Activity – From the line containing "this 1200×1600 image." to the last line of the records, reproduce every line exactly and print nothing else.

★ ★ ★ ★

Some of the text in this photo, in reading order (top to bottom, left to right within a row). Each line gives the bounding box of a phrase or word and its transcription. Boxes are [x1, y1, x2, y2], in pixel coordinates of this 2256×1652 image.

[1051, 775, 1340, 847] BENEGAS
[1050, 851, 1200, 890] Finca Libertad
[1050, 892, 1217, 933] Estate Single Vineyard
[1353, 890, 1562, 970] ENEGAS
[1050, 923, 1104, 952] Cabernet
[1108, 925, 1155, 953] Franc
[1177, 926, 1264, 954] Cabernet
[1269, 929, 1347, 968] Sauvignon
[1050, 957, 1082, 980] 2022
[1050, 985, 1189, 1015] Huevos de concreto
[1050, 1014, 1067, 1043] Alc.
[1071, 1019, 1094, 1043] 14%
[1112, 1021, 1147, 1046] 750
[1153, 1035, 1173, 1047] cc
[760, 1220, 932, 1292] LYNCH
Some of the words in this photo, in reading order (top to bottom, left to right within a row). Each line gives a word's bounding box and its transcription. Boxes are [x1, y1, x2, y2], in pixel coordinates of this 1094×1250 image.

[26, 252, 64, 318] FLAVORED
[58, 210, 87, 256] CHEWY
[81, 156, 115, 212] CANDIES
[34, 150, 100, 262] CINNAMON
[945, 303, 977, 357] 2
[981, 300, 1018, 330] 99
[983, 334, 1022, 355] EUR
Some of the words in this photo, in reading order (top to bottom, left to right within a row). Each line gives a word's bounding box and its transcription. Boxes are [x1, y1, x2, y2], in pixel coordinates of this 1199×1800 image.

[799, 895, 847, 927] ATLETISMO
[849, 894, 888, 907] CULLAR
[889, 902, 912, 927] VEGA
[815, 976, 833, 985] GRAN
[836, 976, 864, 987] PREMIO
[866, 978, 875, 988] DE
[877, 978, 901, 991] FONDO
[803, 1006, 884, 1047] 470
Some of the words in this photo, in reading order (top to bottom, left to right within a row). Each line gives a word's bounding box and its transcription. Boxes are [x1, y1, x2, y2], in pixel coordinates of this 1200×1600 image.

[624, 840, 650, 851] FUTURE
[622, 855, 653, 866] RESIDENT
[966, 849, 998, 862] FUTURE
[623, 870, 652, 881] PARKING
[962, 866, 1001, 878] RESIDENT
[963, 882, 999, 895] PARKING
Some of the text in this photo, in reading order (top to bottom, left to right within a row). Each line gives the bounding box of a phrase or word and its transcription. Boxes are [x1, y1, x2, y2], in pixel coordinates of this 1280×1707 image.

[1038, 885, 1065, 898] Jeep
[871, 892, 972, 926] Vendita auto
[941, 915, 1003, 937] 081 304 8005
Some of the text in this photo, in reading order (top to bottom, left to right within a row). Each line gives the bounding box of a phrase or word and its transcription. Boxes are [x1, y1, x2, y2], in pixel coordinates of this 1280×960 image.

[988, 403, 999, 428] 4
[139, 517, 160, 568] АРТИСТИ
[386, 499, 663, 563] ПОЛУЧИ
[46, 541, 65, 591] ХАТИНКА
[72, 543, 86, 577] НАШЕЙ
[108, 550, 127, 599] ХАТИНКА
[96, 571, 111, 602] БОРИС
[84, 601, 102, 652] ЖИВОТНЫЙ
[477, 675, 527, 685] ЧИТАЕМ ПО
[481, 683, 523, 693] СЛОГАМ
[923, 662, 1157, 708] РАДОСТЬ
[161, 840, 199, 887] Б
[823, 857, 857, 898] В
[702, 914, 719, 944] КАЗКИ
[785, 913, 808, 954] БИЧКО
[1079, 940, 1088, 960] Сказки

★ ★ ★ ★

Answer area –
Some of the words in this photo, in reading order (top to bottom, left to right within a row). Each line gives a word's bounding box and its transcription. Boxes are [x1, y1, x2, y2], in pixel coordinates of this 1200×1600 image.

[624, 840, 650, 851] FUTURE
[622, 855, 653, 866] RESIDENT
[966, 849, 998, 862] FUTURE
[623, 870, 652, 881] PARKING
[962, 866, 1001, 878] RESIDENT
[963, 882, 999, 895] PARKING
Some of the text in this photo, in reading order (top to bottom, left to right within a row). Each line gives the bounding box of a phrase or word and its transcription. Boxes are [x1, y1, x2, y2], in pixel coordinates of this 1280×1707 image.

[1038, 885, 1065, 898] Jeep
[871, 892, 972, 926] Vendita auto
[941, 915, 1003, 937] 081 304 8005
Some of the text in this photo, in reading order (top to bottom, left to right within a row). Each line gives the bounding box of a phrase or word and its transcription. Boxes are [x1, y1, x2, y2], in pixel coordinates of this 1280×960 image.

[988, 403, 999, 428] 4
[139, 517, 160, 568] АРТИСТИ
[386, 499, 663, 563] ПОЛУЧИ
[46, 541, 65, 591] ХАТИНКА
[72, 543, 86, 577] НАШЕЙ
[108, 550, 127, 599] ХАТИНКА
[96, 571, 111, 602] БОРИС
[84, 601, 102, 652] ЖИВОТНЫЙ
[477, 675, 527, 685] ЧИТАЕМ ПО
[481, 683, 523, 693] СЛОГАМ
[923, 662, 1157, 708] РАДОСТЬ
[161, 840, 199, 887] Б
[823, 857, 857, 898] В
[702, 914, 719, 944] КАЗКИ
[785, 913, 808, 954] БИЧКО
[1079, 940, 1088, 960] Сказки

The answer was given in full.